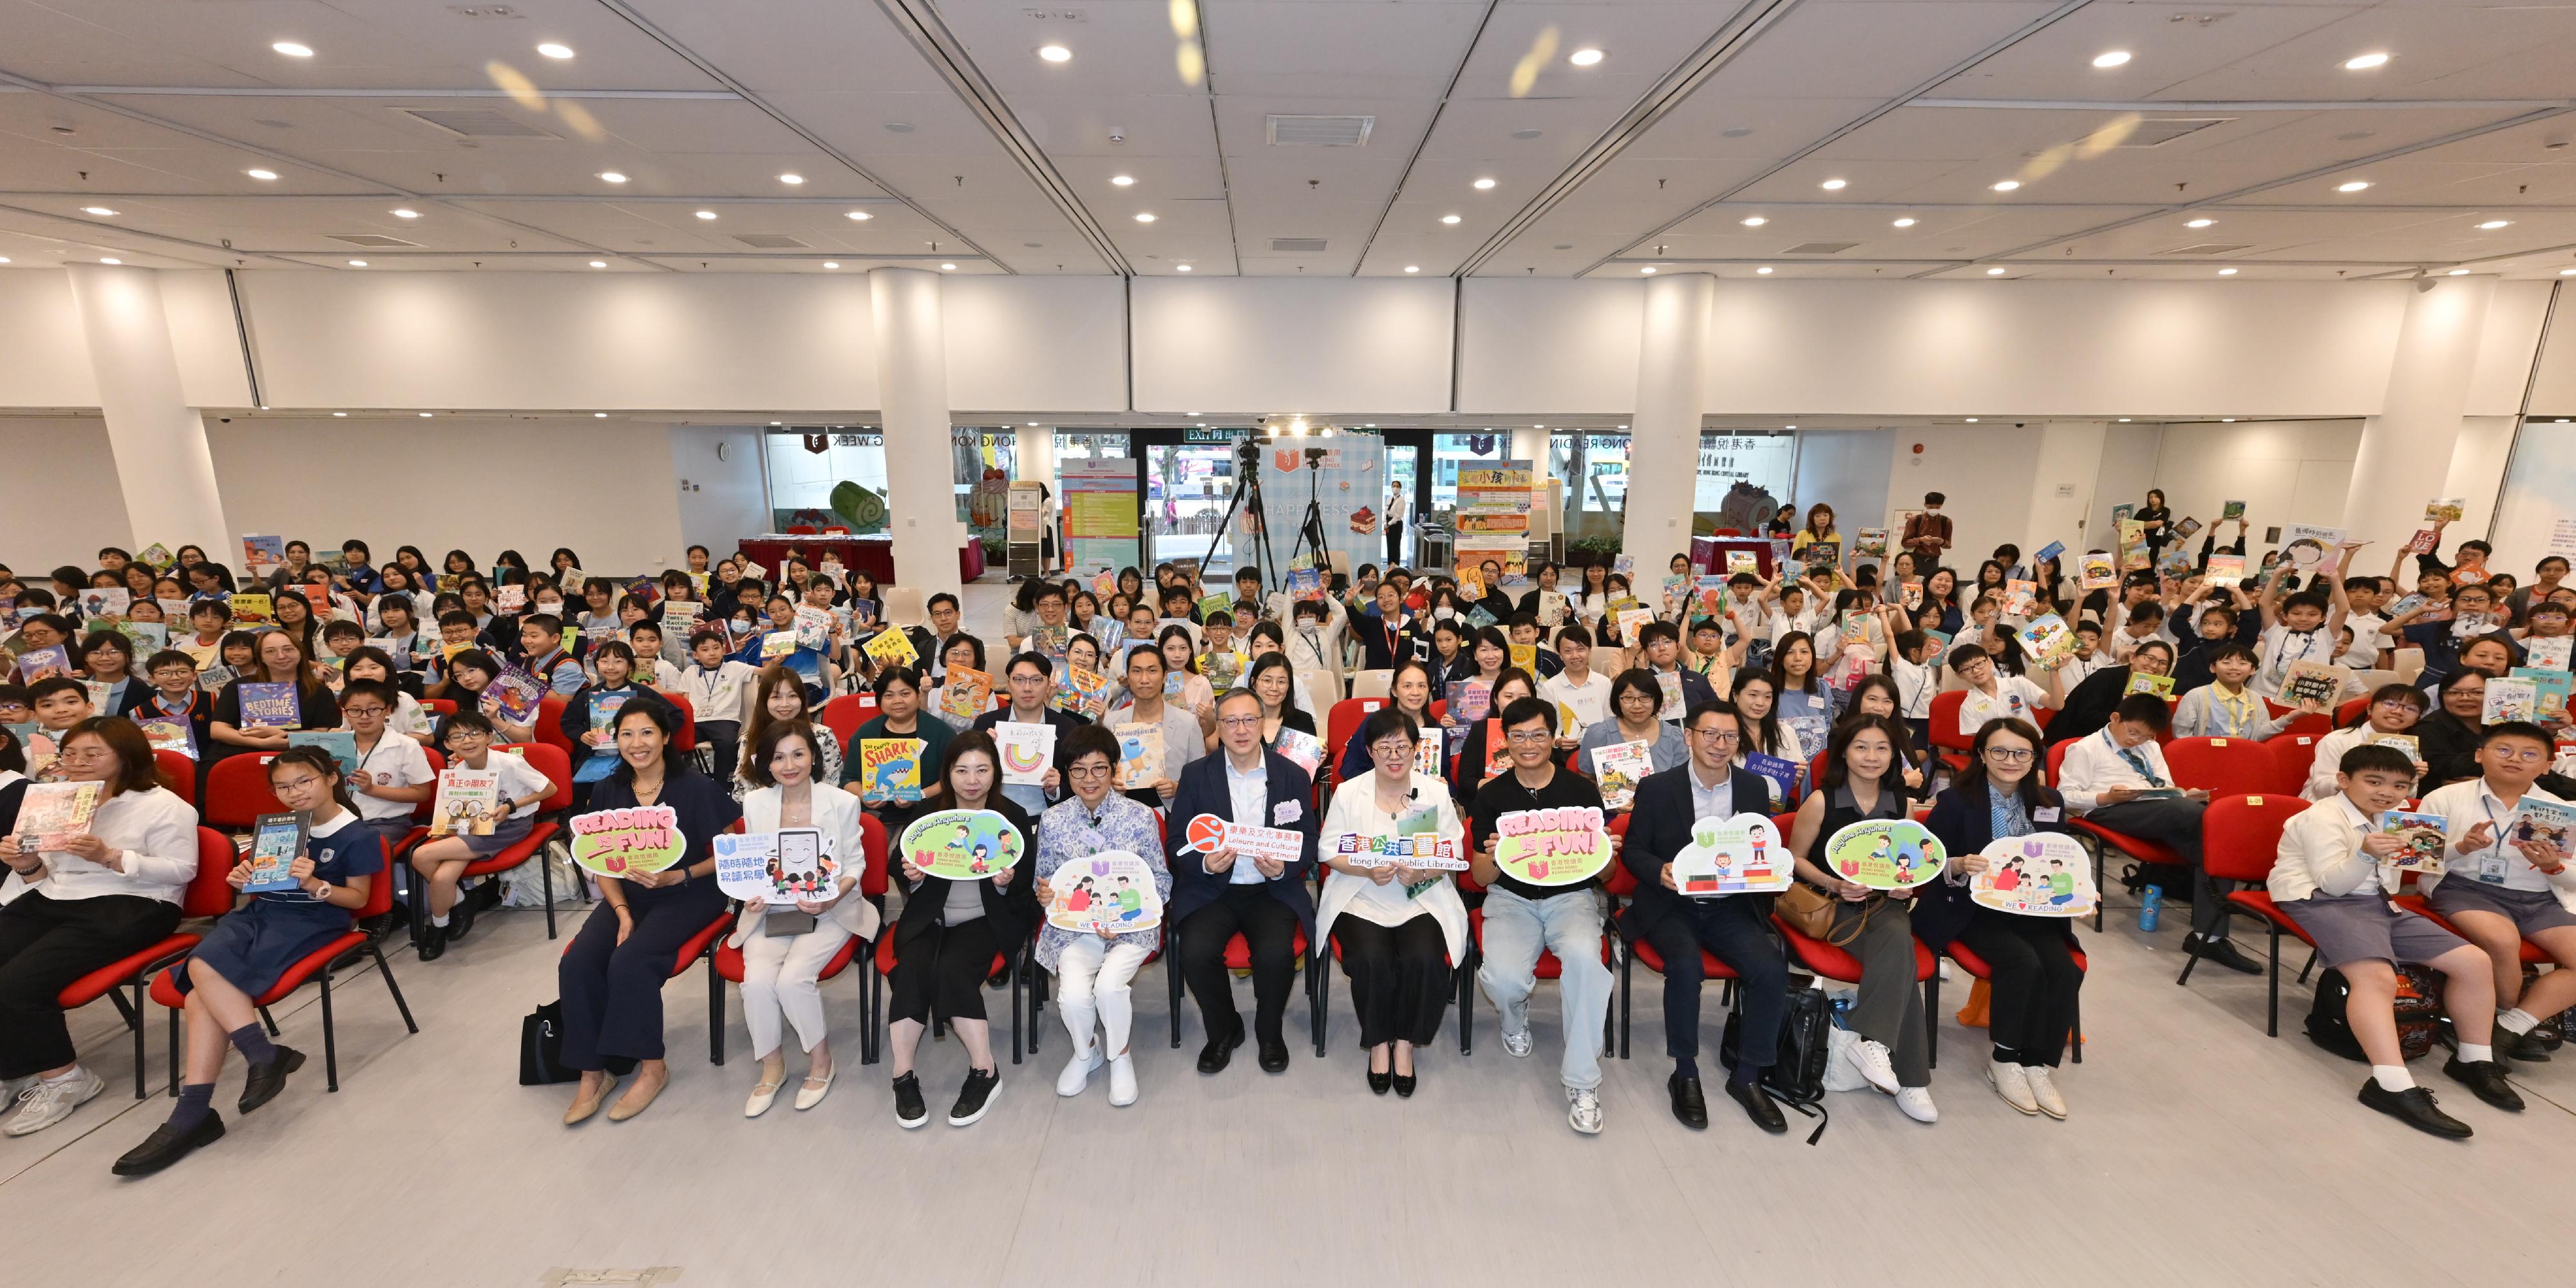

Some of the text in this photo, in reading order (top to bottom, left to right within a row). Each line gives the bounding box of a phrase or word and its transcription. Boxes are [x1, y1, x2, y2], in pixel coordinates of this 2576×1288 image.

[1189, 430, 1210, 440] EXIT
[203, 674, 227, 685] DOG
[245, 699, 291, 712] BEDTIME
[252, 706, 294, 717] STORIES
[864, 741, 909, 768] SHARK
[873, 742, 891, 752] SNAPPY
[573, 809, 674, 835] READING
[907, 813, 971, 844] Anytime Anywhere
[1499, 810, 1601, 837] READING
[594, 828, 674, 852] IS FUN!
[1229, 825, 1302, 843] 康樂及文化事務署
[1831, 824, 1892, 854] Anytime Anywhere
[1228, 837, 1255, 846] Leisure
[1271, 842, 1300, 851] Cultural
[1340, 834, 1452, 858] 香港公共圖書館
[1519, 831, 1601, 857] IS FUN!
[718, 857, 765, 870] 隨時隨地
[1350, 857, 1372, 867] Hong
[1374, 858, 1393, 866] Kon
[1427, 860, 1468, 869] Libraries
[721, 869, 765, 882] 易讀易學
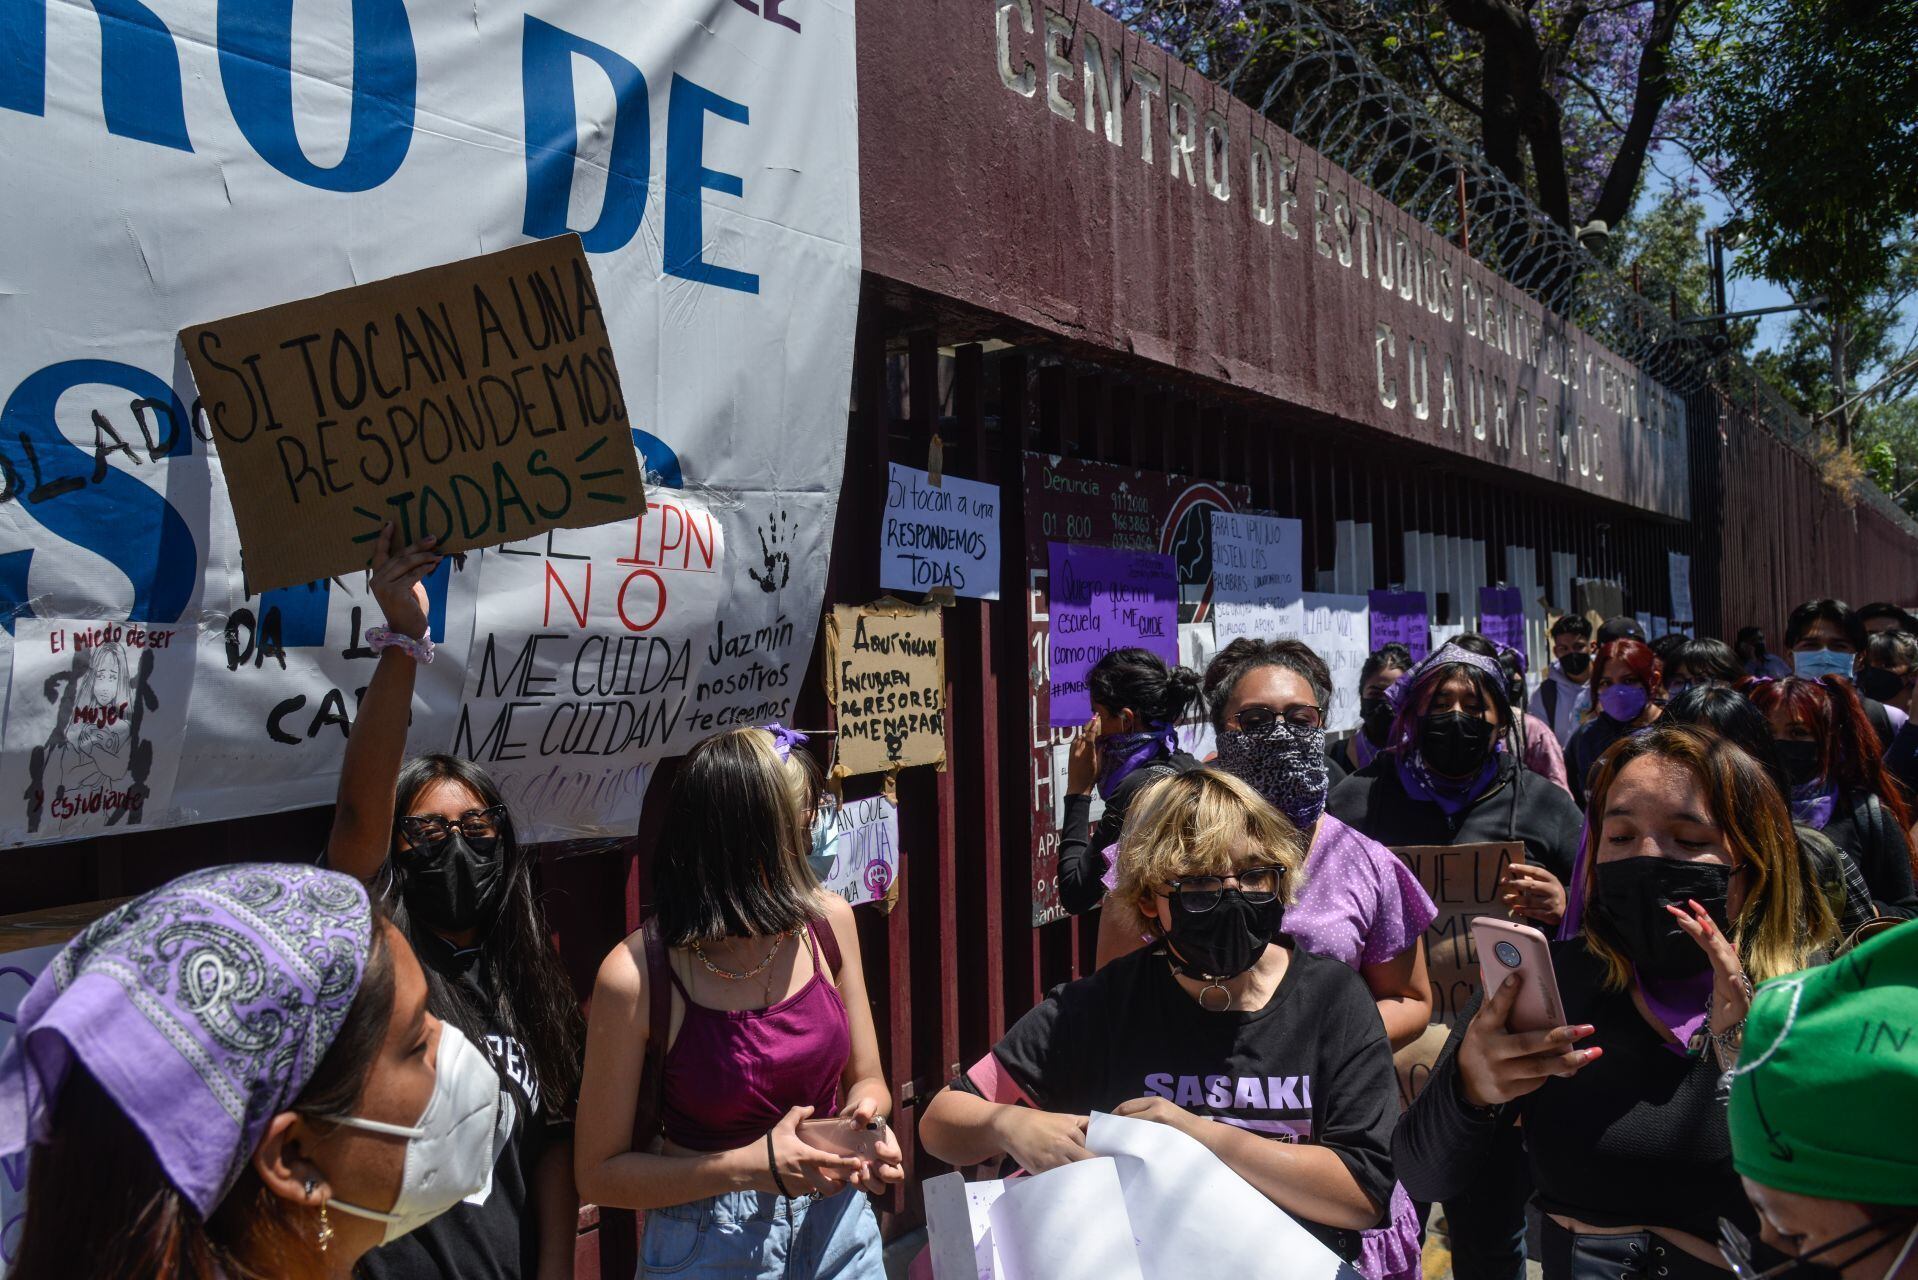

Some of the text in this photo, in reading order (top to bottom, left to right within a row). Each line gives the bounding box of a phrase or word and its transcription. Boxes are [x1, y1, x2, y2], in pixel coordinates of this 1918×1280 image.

[523, 14, 760, 295] DE
[996, 2, 1230, 201] CENTRO
[1251, 135, 1299, 240] DE
[1315, 174, 1454, 322] ESTUDIOS
[199, 257, 606, 443] SI TOCAN A UNA
[277, 346, 626, 503] RESPONDEMOS
[386, 449, 571, 547] TODAS
[889, 466, 994, 519] Si tocan a una
[1043, 466, 1100, 496] Denuncia
[617, 503, 715, 569] IPN
[887, 518, 986, 561] RESPONDEMOS
[1066, 514, 1091, 538] 800
[897, 553, 965, 590] TODAS
[50, 628, 65, 654] El
[148, 629, 176, 649] ser
[708, 614, 794, 665] Jazmín
[1057, 607, 1165, 636] escuela ME CUIDE
[476, 632, 691, 698] ME CUIDA
[1054, 645, 1086, 666] como
[697, 662, 789, 702] nosotros
[841, 660, 911, 694] ENCUBREN
[686, 697, 790, 733] te creemos
[840, 687, 940, 718] AGRESORES
[453, 696, 686, 762] ME CUIDAN
[51, 786, 144, 820] estudiante
[858, 796, 889, 825] QUE
[1143, 1072, 1313, 1110] SASAKI
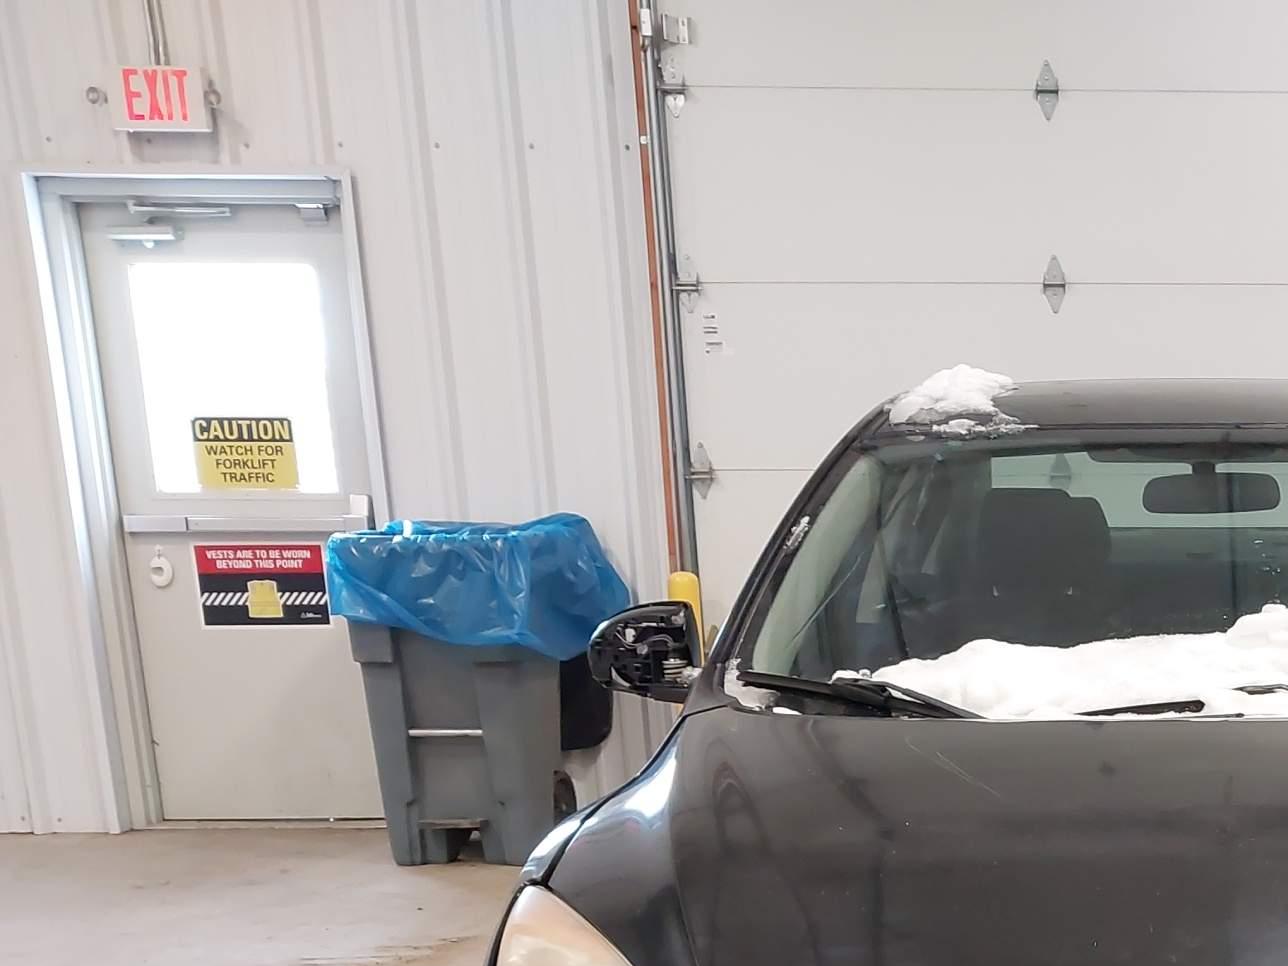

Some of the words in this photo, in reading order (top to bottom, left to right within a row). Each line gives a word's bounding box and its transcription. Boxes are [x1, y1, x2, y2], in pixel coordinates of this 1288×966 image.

[121, 67, 189, 122] EXIT
[194, 419, 291, 440] CAUTION
[205, 445, 253, 456] WATCH
[257, 445, 284, 456] FOR
[215, 458, 277, 470] FORKLIFT
[220, 472, 275, 483] TRAFFIC
[205, 549, 234, 559] VESTS
[236, 549, 254, 559] ARE
[255, 549, 267, 559] TO
[269, 549, 279, 559] BE
[280, 549, 311, 559] WORN
[216, 559, 252, 569] BEYOND
[254, 559, 274, 569] THIS
[276, 559, 303, 569] POINT
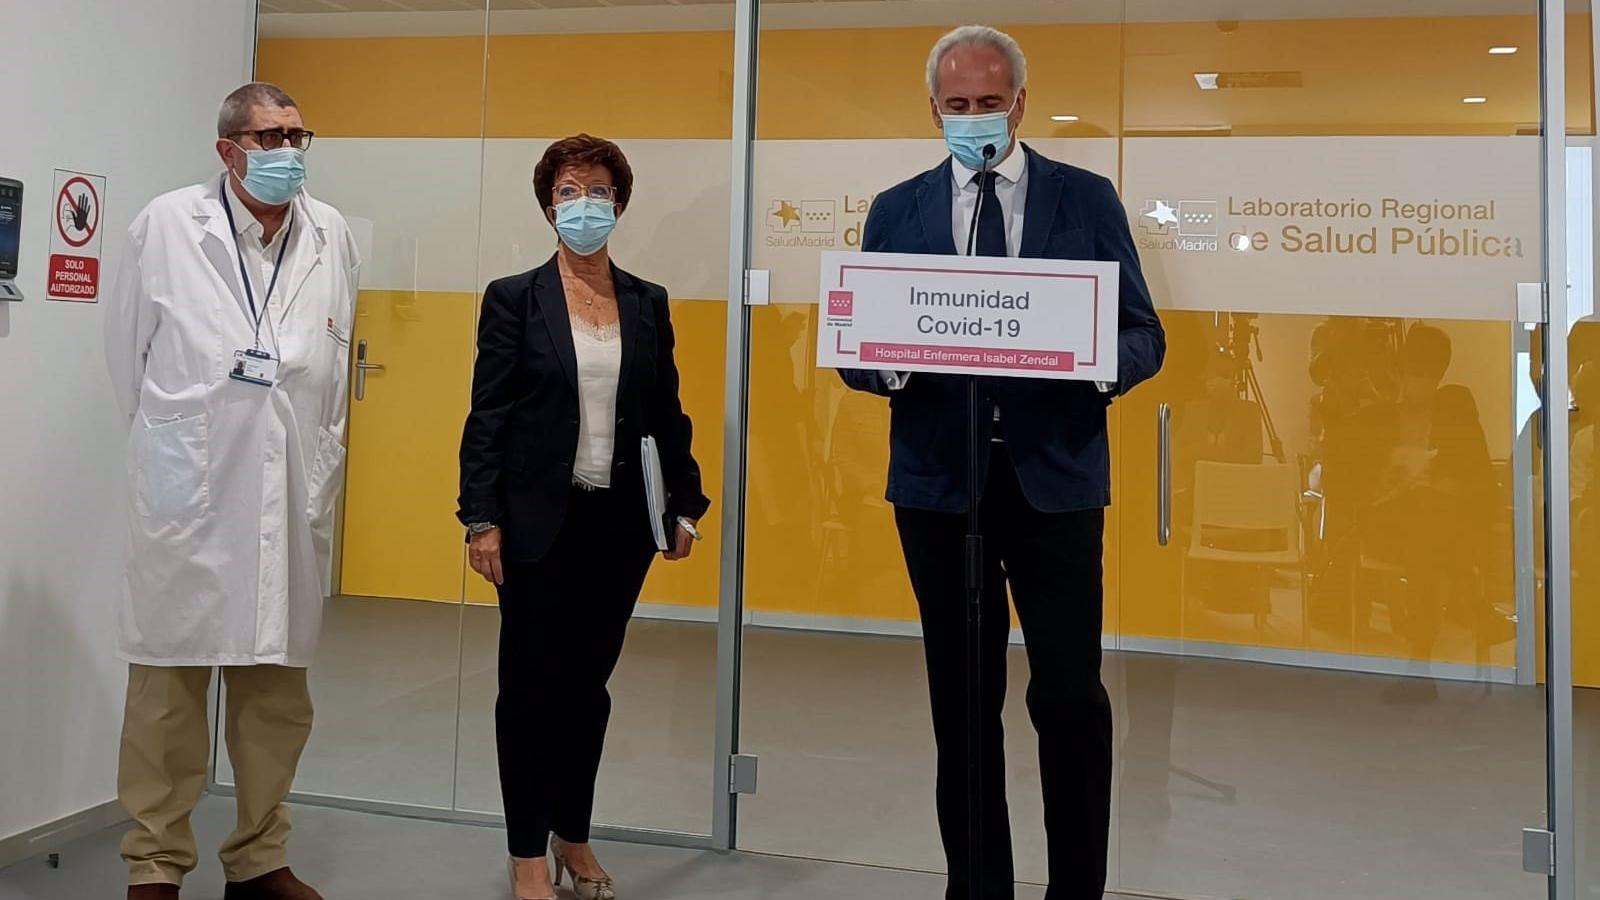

◆ **WHAT NEEDS TO BE DONE**
All of the material above must be retyped exactly, line for line, with the images dropped.

◆ **SOLVED EXERCISE**
Some of the text in this photo, in reading order (top to bottom, left to right within a row). Each line gives the bounding box of a phrase or word and its transcription. Boxes are [x1, y1, x2, y2], in pixel coordinates of this 2576×1288 image.

[1189, 430, 1210, 440] EXIT
[203, 674, 227, 685] DOG
[245, 699, 291, 712] BEDTIME
[252, 706, 294, 717] STORIES
[864, 741, 909, 768] SHARK
[873, 742, 891, 752] SNAPPY
[573, 809, 674, 835] READING
[907, 813, 971, 844] Anytime Anywhere
[1499, 810, 1601, 837] READING
[594, 828, 674, 852] IS FUN!
[1229, 825, 1302, 843] 康樂及文化事務署
[1831, 824, 1892, 854] Anytime Anywhere
[1228, 837, 1255, 846] Leisure
[1271, 842, 1300, 851] Cultural
[1340, 834, 1452, 858] 香港公共圖書館
[1519, 831, 1601, 857] IS FUN!
[718, 857, 765, 870] 隨時隨地
[1350, 857, 1372, 867] Hong
[1374, 858, 1393, 866] Kon
[1427, 860, 1468, 869] Libraries
[721, 869, 765, 882] 易讀易學

Some of the text in this photo, in reading order (top to bottom, left to right within a row). Each line gives the bounding box of a phrase or word and its transcription. Boxes are [x1, y1, x2, y2], in pixel coordinates of this 1918×1280 image.

[523, 14, 760, 295] DE
[996, 2, 1230, 201] CENTRO
[1251, 135, 1299, 240] DE
[1315, 174, 1454, 322] ESTUDIOS
[199, 257, 606, 443] SI TOCAN A UNA
[277, 346, 626, 503] RESPONDEMOS
[386, 449, 571, 547] TODAS
[889, 466, 994, 519] Si tocan a una
[1043, 466, 1100, 496] Denuncia
[617, 503, 715, 569] IPN
[887, 518, 986, 561] RESPONDEMOS
[1066, 514, 1091, 538] 800
[897, 553, 965, 590] TODAS
[50, 628, 65, 654] El
[148, 629, 176, 649] ser
[708, 614, 794, 665] Jazmín
[1057, 607, 1165, 636] escuela ME CUIDE
[476, 632, 691, 698] ME CUIDA
[1054, 645, 1086, 666] como
[697, 662, 789, 702] nosotros
[841, 660, 911, 694] ENCUBREN
[686, 697, 790, 733] te creemos
[840, 687, 940, 718] AGRESORES
[453, 696, 686, 762] ME CUIDAN
[51, 786, 144, 820] estudiante
[858, 796, 889, 825] QUE
[1143, 1072, 1313, 1110] SASAKI

Some of the words in this photo, in reading order (top to bottom, left to right within a row). Each line gives a word's bounding box and its transcription. Boxes are [x1, y1, x2, y2], in pixel coordinates of this 1288×966 image.

[121, 67, 189, 122] EXIT
[194, 419, 291, 440] CAUTION
[205, 445, 253, 456] WATCH
[257, 445, 284, 456] FOR
[215, 458, 277, 470] FORKLIFT
[220, 472, 275, 483] TRAFFIC
[205, 549, 234, 559] VESTS
[236, 549, 254, 559] ARE
[255, 549, 267, 559] TO
[269, 549, 279, 559] BE
[280, 549, 311, 559] WORN
[216, 559, 252, 569] BEYOND
[254, 559, 274, 569] THIS
[276, 559, 303, 569] POINT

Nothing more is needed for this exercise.